Requirement
Repeat the lines of the data exactly and exclude any picture among them.

Recorded information

/---

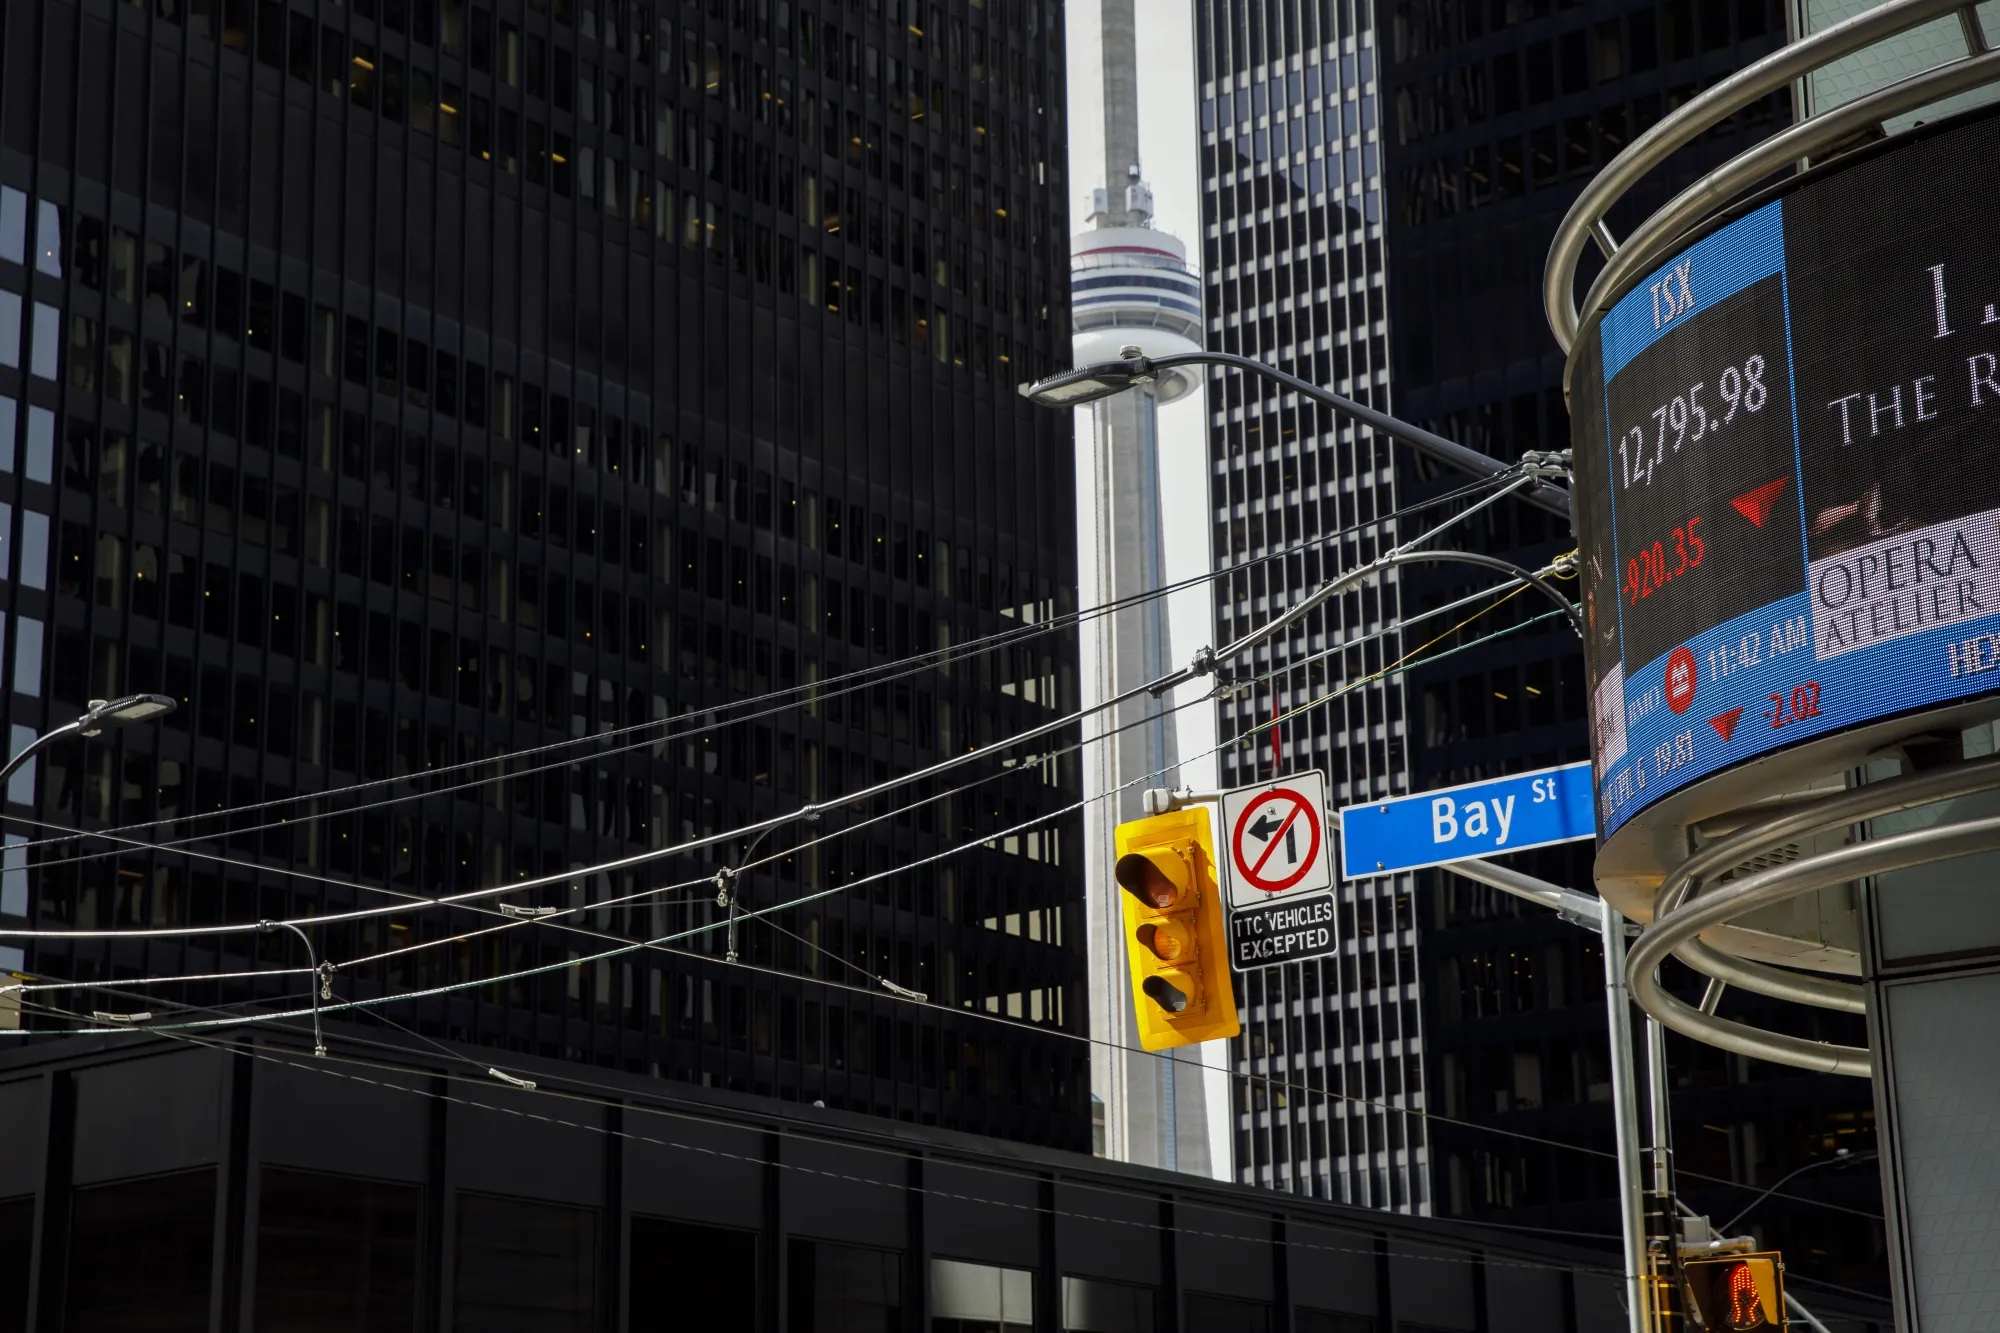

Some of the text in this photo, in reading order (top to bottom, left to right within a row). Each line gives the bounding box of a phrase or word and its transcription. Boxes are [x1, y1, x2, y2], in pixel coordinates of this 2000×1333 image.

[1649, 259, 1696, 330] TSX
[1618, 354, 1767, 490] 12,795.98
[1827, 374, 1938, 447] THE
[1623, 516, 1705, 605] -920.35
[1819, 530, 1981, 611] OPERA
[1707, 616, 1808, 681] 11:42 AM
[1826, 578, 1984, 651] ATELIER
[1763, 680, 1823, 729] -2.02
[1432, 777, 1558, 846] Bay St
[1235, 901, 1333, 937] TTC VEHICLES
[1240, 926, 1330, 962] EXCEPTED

\---

Your solution
Some of the text in this photo, in reading order (top to bottom, left to right within a row). Each line gives the bounding box of a phrase or word and its transcription. Boxes are [x1, y1, x2, y2], in pixel coordinates of this 2000×1333 image.

[1649, 259, 1696, 330] TSX
[1618, 354, 1767, 490] 12,795.98
[1827, 374, 1938, 447] THE
[1623, 516, 1705, 605] -920.35
[1819, 530, 1981, 611] OPERA
[1707, 616, 1808, 681] 11:42 AM
[1826, 578, 1984, 651] ATELIER
[1763, 680, 1823, 729] -2.02
[1432, 777, 1558, 846] Bay St
[1235, 901, 1333, 937] TTC VEHICLES
[1240, 926, 1330, 962] EXCEPTED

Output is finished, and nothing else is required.